Spring:
A time for rebirth.
A time for loss.
A time for remembering.
This is a found poem, so none of the words are original to me. The original texts remain relatively unaltered except in cases where it was absolutely necessary.
I needed something cathartic, something to ease the sadness and depression of this time of year.
This is the result:
Random Access Memory:
A Found Poem of Tweets
. . .
Reading my address book is a Reading of the Dead:
the accident a year ago,
the suspicious overdose,
those fallen on the thin, blue line,
those who simply lost their mind,
cancer, murder, suicide.
. . .
My phone is full of ghosts I won’t let go of:
a picture of the five of us,
him eating six scoops of ice cream,
the last voicemail and texts:
Merry Christmas! Happy Birthday!
Love You! Miss You!
Can’t wait for you to meet my baby!
OK, thanks
. . .
My phone and email are haunted places;
I wish the dead would just pick up their phones,
or answer those unanswered messages I left a while ago.
Calling voicemail just to pretend to talk to you
and imagine you’re checking your messages . . .
until the line was disconnected
and my texts comes back undeliverable.
I have an old box of phones with messages saved on them.
I’ve moved this box across the country twice,
and will probably move them forever.
. . .
There’s always a sense you can call beyond death.
I kept accidentally calling, but I just can’t hit delete,
marking them “deceased,” or changing my phone –
then they’re really, truly gone.
Calling at our usual time,
I think of all the things I would say
and the problems I would share;
long distance means something different now.
. . .
In cyberspace there’s no such thing as goodbye.
I still check Facebook and the Twitter feed,
you told me things I needed to hear.
Facebook reminders each year
for birthdays, anniversaries, invitations
suggesting I reconnect with the dead;
hoping for an RSVP from beyond the grave.

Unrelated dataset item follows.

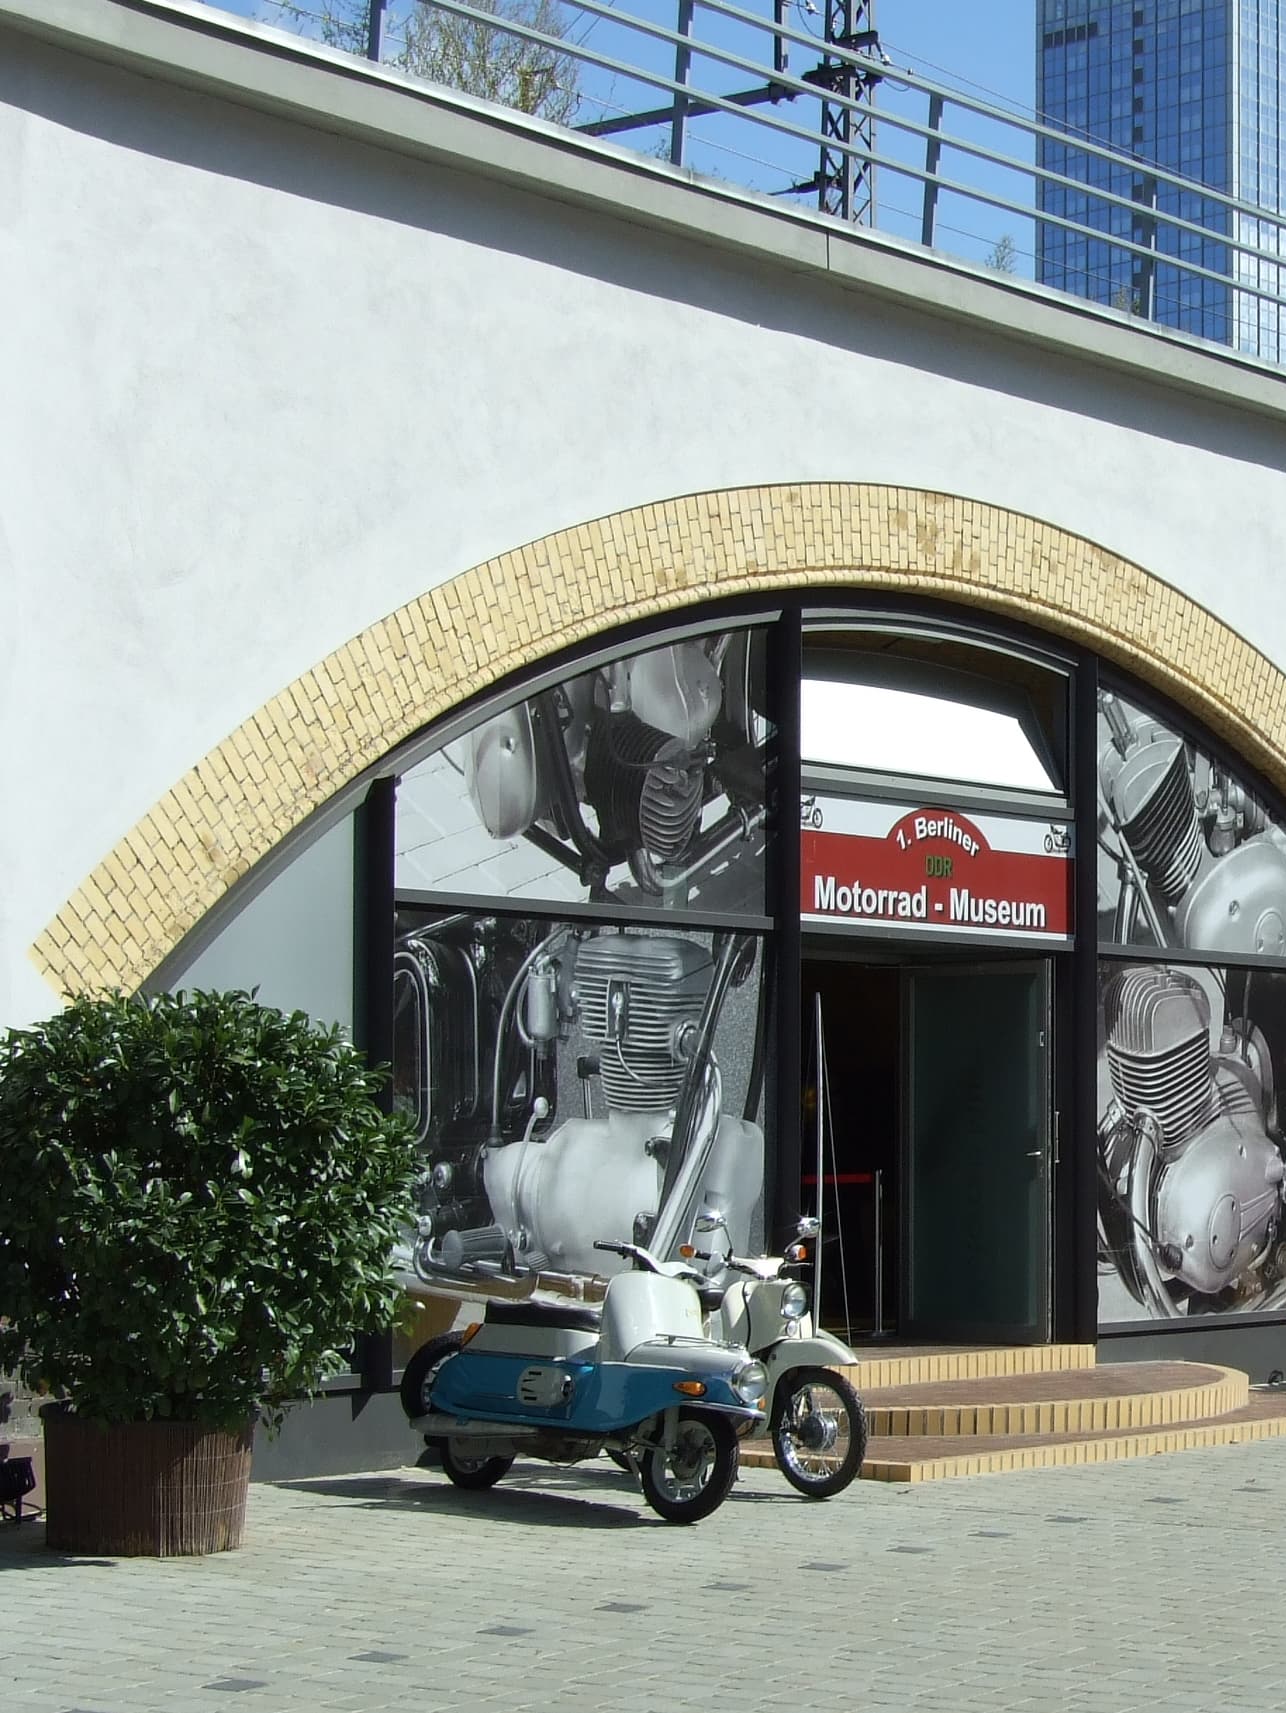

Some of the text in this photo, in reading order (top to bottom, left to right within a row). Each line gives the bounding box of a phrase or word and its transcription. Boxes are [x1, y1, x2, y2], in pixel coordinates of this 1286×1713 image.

Reminders of the gifts I bought
and the songs I played for you;
Our contacts are like tattoos
– the story of our lives.
. . .
Some people you aren’t meant to get over,
so I write him letters and burn them,
hoping he gets them.
I keep the number on speed dial until it’s reassigned.
Same number, different face:
technological reincarnation
. . .
Rabbit holes stuffed with memory,
Digital immortality,
Deleting feels too much like forgetting.
For Grandma, Donny, Fred, Alan, and everyone else gone too soon.
Beautiful and poignant collection of Found Poems. I’m sorry for your sad losses.